PubMed | Christchurch Science Center
Type: Journal Article | Journal: Food science and technology international = Ciencia y tecnologia de los alimentos internacional | Year: 2015
Escherichia coli O157:H7 causes serious foodborne infections warranting the development of effective control measures. One control option is to use bacteriophages (phages), which are regarded as safe to humans and an environmentally friendly alternative to chemical antimicrobials. One of the few remaining safety concerns is the potential for phages to facilitate genetic exchange between bacteria so resulting in undesirable mobilisation of genes. UV treatment of phages causes a rapid loss in their ability to replicate, while maintaining their antibacterial activity, and so the use of UV-treated phages could be an alternative to the use of viable phages. Data presented here show the inactivation of E. coli O157:H7 by UV-treated phages in milk and on the surface of raw and cooked meat.

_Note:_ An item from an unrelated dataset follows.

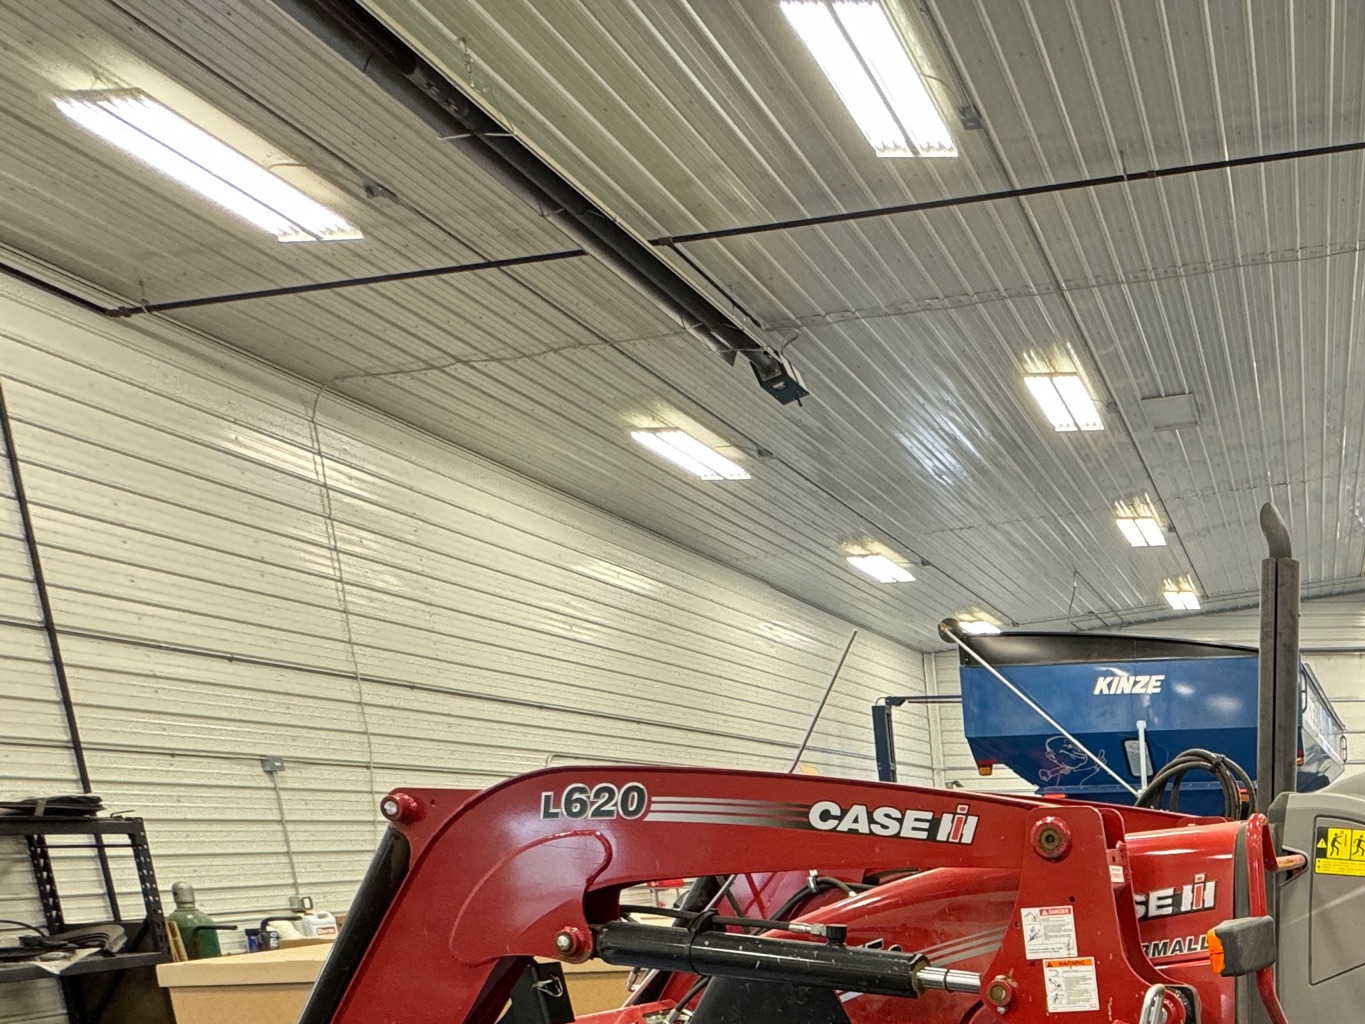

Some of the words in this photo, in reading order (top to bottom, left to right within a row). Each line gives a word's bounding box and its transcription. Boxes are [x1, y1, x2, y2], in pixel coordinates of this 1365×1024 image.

[1093, 674, 1166, 695] KINZE
[540, 782, 648, 820] L620
[809, 800, 934, 840] CASE
[1048, 908, 1069, 916] DANGER

A minimum concentration of approximately 10(5) PFU cm(-2) (pre-UV treatment titre) of UV-treated phages was required before inactivation of E. coli O157:H7 on the surface of meat was measurable, and 1-2 log10 CFUcm(-2) reductions were typically obtained at concentrations of around 10(7) UV-treated phages cm(-2) (pre-UV treatment titre). Inactivation of E. coli O157:H7 by UV-treated phages was less than that for untreated phages. The production of UV-treated phages was not optimised and it is possible that better reductions in pathogen concentration could be achieved for the same input UV-treated phages concentrations.